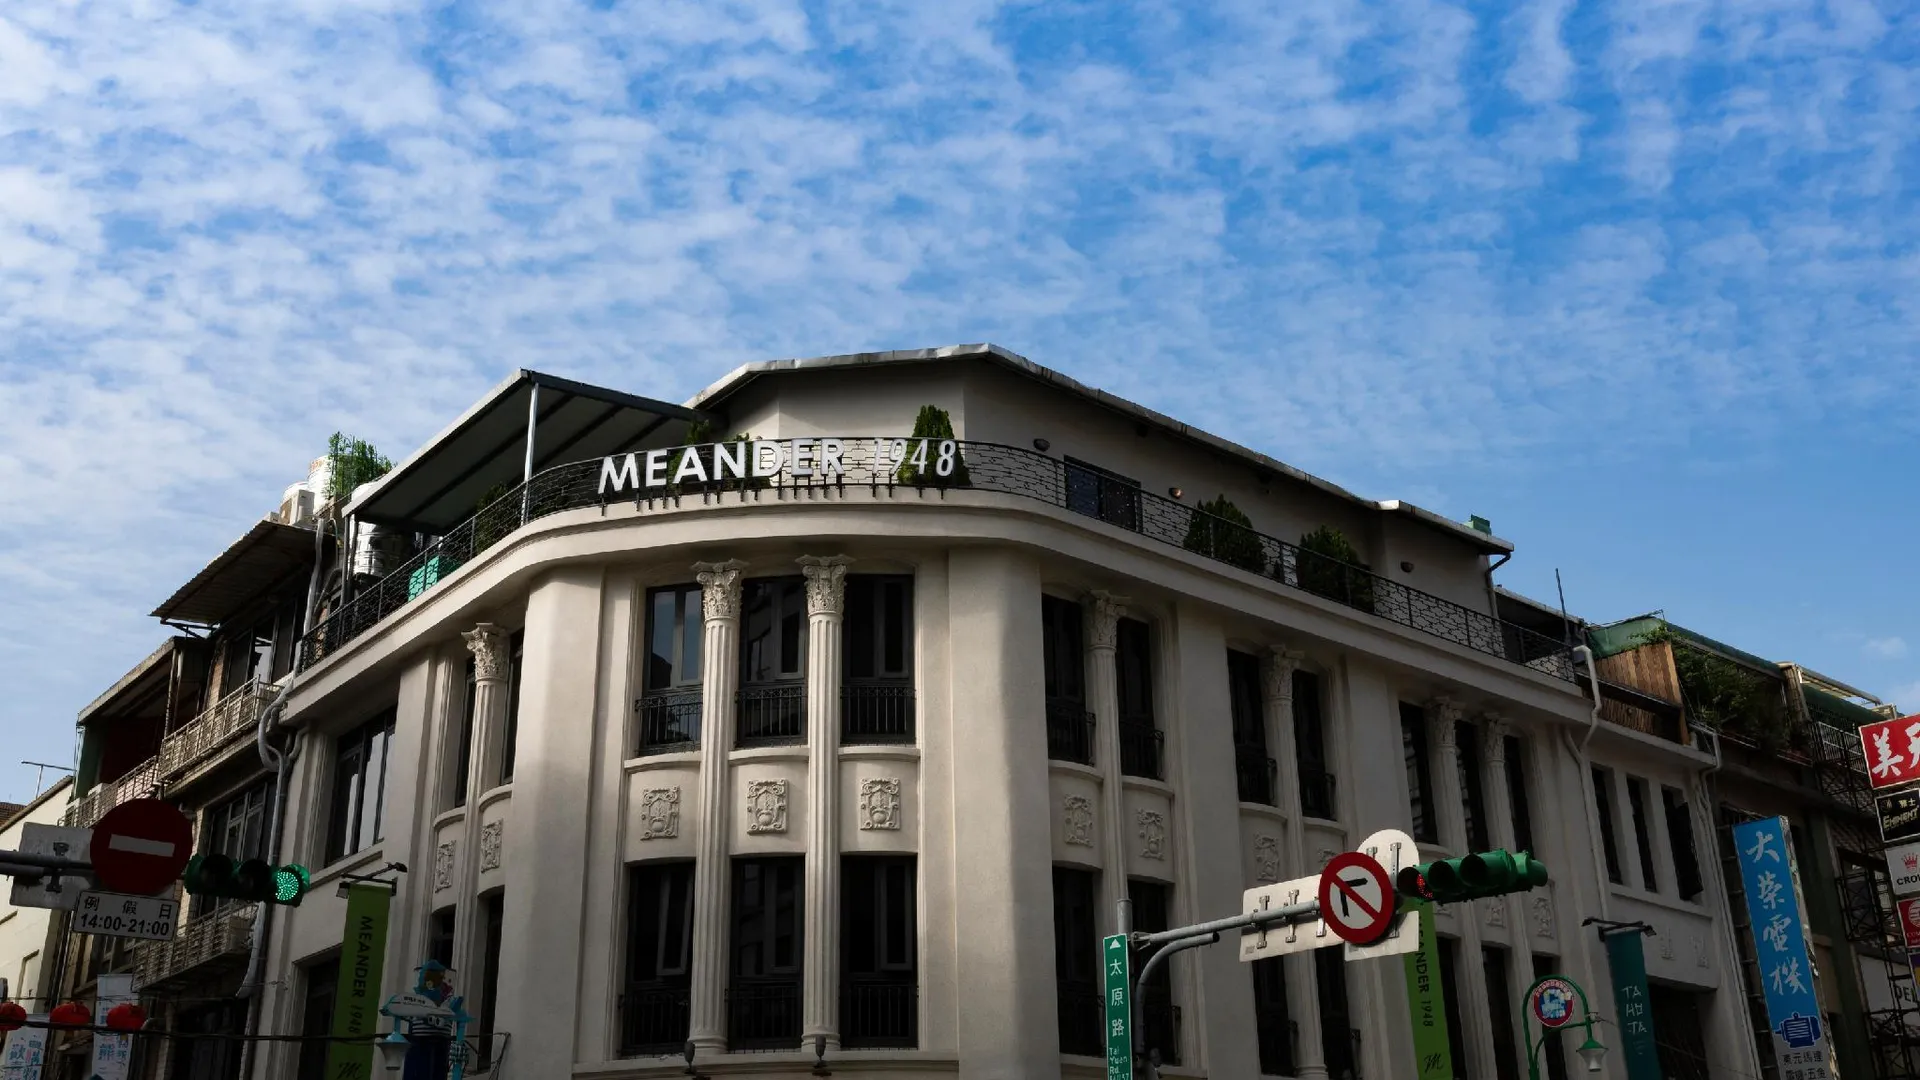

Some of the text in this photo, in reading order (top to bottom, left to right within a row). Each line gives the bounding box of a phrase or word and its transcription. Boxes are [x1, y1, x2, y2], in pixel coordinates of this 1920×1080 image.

[598, 437, 957, 494] MEANDER 1948
[84, 896, 172, 920] 例假日
[81, 913, 170, 936] 14:00-21:00
[352, 916, 373, 998] MEANDER
[1110, 958, 1125, 1038] 太原路
[1420, 1000, 1434, 1027] 1948
[1109, 1045, 1120, 1056] Tai
[1110, 1056, 1128, 1065] Yuan

══════

▶ YOUR OBJECTIVE
With images omitted, output the data exactly as given.

▶ REPLY TO THE TASK
Some of the text in this photo, in reading order (top to bottom, left to right within a row). Each line gives the bounding box of a phrase or word and its transcription. Boxes are [x1, y1, x2, y2], in pixel coordinates of this 1920×1080 image.

[598, 437, 957, 494] MEANDER 1948
[84, 896, 172, 920] 例假日
[81, 913, 170, 936] 14:00-21:00
[352, 916, 373, 998] MEANDER
[1110, 958, 1125, 1038] 太原路
[1420, 1000, 1434, 1027] 1948
[1109, 1045, 1120, 1056] Tai
[1110, 1056, 1128, 1065] Yuan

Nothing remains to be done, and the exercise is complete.